◆ **What to produce**:
If a record holds a picture, leave the picture out and print everything else exactly.

◆ **Dataset excerpts**:
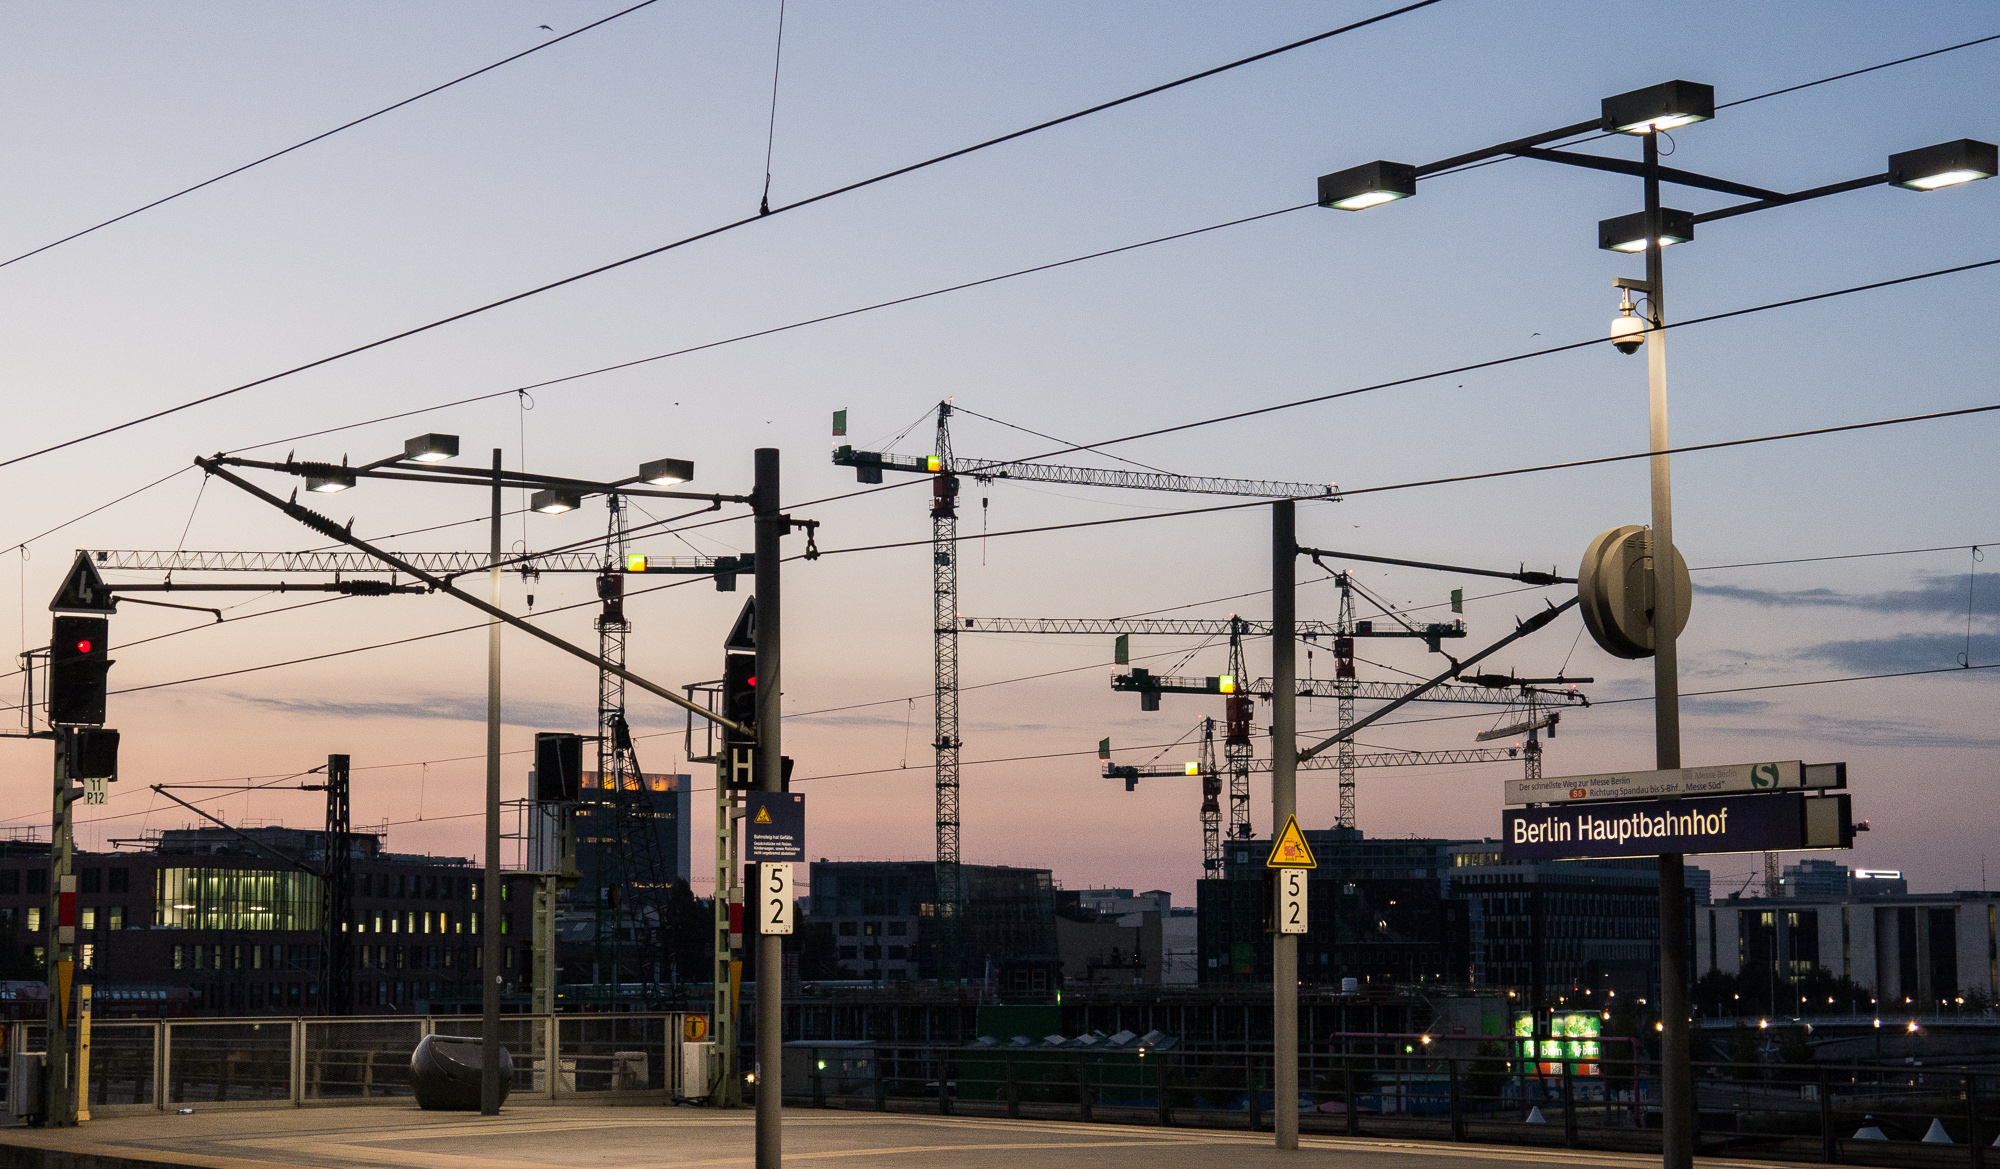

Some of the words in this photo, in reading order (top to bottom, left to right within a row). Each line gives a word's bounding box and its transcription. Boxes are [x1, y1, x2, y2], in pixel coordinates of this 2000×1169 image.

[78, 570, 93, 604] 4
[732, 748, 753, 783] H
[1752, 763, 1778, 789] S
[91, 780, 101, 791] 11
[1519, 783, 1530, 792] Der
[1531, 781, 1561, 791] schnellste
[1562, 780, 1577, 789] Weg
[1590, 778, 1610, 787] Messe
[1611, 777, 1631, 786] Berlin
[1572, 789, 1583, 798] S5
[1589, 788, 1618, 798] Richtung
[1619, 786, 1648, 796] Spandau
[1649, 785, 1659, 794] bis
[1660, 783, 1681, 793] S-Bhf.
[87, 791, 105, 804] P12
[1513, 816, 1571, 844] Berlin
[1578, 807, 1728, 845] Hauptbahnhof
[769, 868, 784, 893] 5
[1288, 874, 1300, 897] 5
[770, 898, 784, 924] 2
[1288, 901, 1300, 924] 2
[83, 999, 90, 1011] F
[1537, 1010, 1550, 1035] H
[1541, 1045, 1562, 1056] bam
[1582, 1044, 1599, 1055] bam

◆ **Exercise answer**:
Some of the words in this photo, in reading order (top to bottom, left to right within a row). Each line gives a word's bounding box and its transcription. Boxes are [x1, y1, x2, y2], in pixel coordinates of this 2000×1169 image.

[78, 570, 93, 604] 4
[732, 748, 753, 783] H
[1752, 763, 1778, 789] S
[91, 780, 101, 791] 11
[1519, 783, 1530, 792] Der
[1531, 781, 1561, 791] schnellste
[1562, 780, 1577, 789] Weg
[1590, 778, 1610, 787] Messe
[1611, 777, 1631, 786] Berlin
[1572, 789, 1583, 798] S5
[1589, 788, 1618, 798] Richtung
[1619, 786, 1648, 796] Spandau
[1649, 785, 1659, 794] bis
[1660, 783, 1681, 793] S-Bhf.
[87, 791, 105, 804] P12
[1513, 816, 1571, 844] Berlin
[1578, 807, 1728, 845] Hauptbahnhof
[769, 868, 784, 893] 5
[1288, 874, 1300, 897] 5
[770, 898, 784, 924] 2
[1288, 901, 1300, 924] 2
[83, 999, 90, 1011] F
[1537, 1010, 1550, 1035] H
[1541, 1045, 1562, 1056] bam
[1582, 1044, 1599, 1055] bam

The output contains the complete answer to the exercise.